III.1. Résistance de la sonde SERRS aux hautes températures

Afin d’assurer la disponibilité de l’ADN cible pour une hybridation avec des sondes nucléiques spécifiques, une étape de dénaturation à haute température est nécessaire pour s’affranchir des éventuelles structures secondaires comme les épingles à cheveux, les boucles… L’hybridation s.s. s’effectue à une température proche de la Tm ou « melting

temperature » des sondes. Pour des oligonucléotides d’une vingtaine de bases, cette température est de 50°C environ.

Nous avons donc vérifié que la sonde R6G et son signal SERRS résistent à de telles températures. Pour cela, des aliquots de 30 µl d’une solution de la sonde Rup(R6G)3 de

concentration 8.7x10^-7 M sont placés dans un thermocycleur à température constante choisie

entre 50 et 92°C pendant 10 min, puis 1 minute à 22°C. Après un passage dans la glace immédiatement après la sortie du thermocycleur pour bloquer toute évolution du système, ces aliquots sont analysés en SERRS selon le protocole standard. Les spectres mesurés ont été traités grâce au logiciel Peakfit, afin d’obtenir l’aire A₁₆₅₀ du pic le plus intense caractéristique

de la R6G centré à 1650 cm^-1 et de quantifier l’évolution du signal SERRS. La solution

initiale analysée à température ambiante est utilisée comme référence pour normaliser le signal.
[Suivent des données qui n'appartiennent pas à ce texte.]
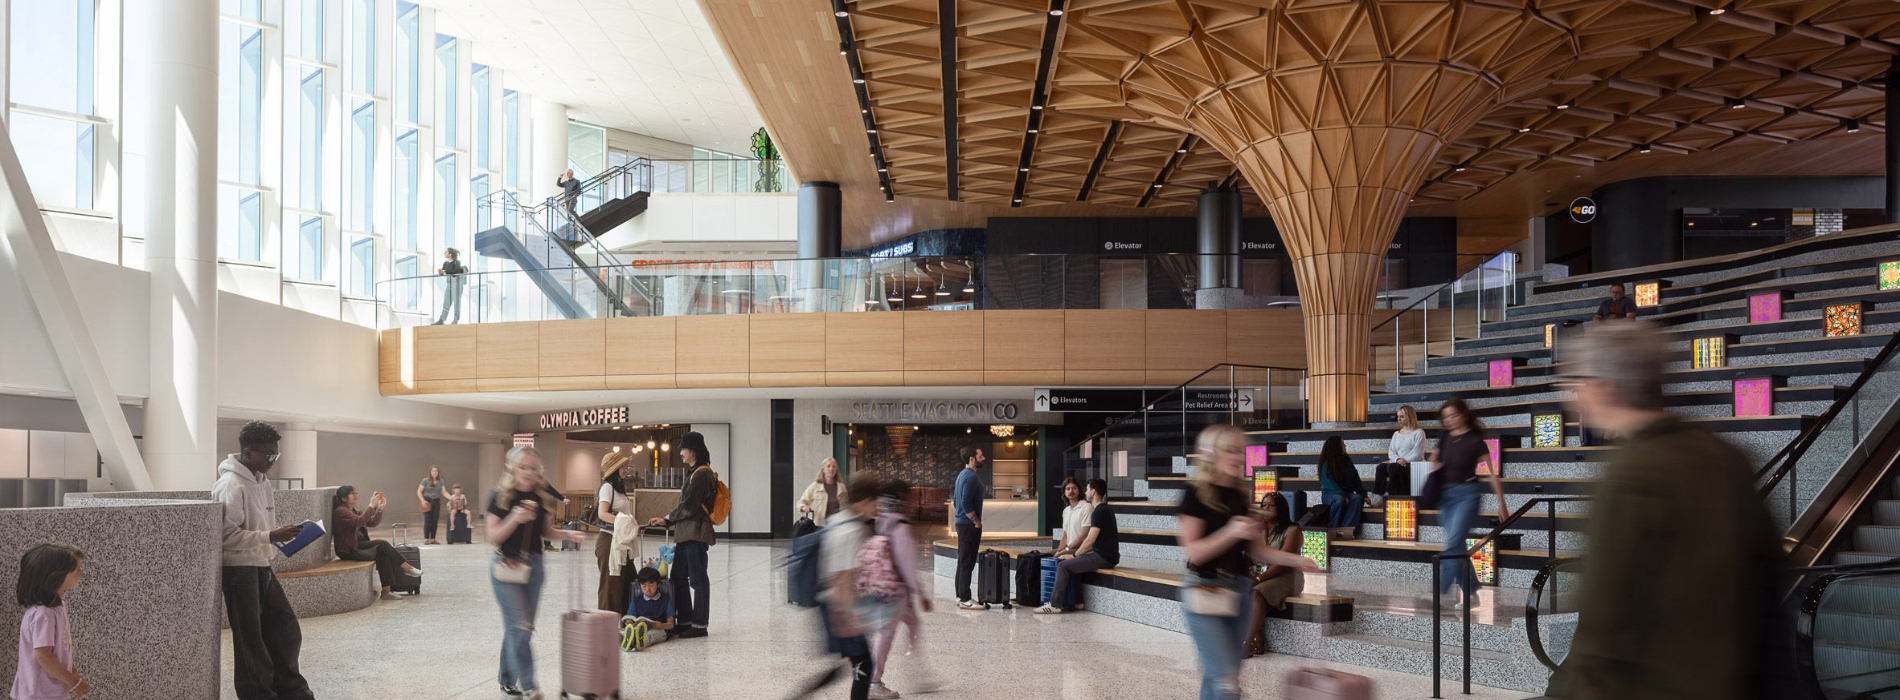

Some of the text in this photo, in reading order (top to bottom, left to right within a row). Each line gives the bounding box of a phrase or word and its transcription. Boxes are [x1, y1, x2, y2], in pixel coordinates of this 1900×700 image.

L’évolution du signal SERRS en fonction de la température maximale appliquée pendant 10 min est présentée en Figure III-1.

Figure III-1 : Evolution en fonction de T max du signal SERRS représenté comme

l’aire A1650normalisée à celleà température ambiante.

On n’observe pas de changement significatif du signal, ce qui indique que le passage de la Rhodamine 6G à haute température jusqu’à 92°C n’entraine pas de perte de signal SERRS. Par conséquent, un protocole d’hybridation standard est possible.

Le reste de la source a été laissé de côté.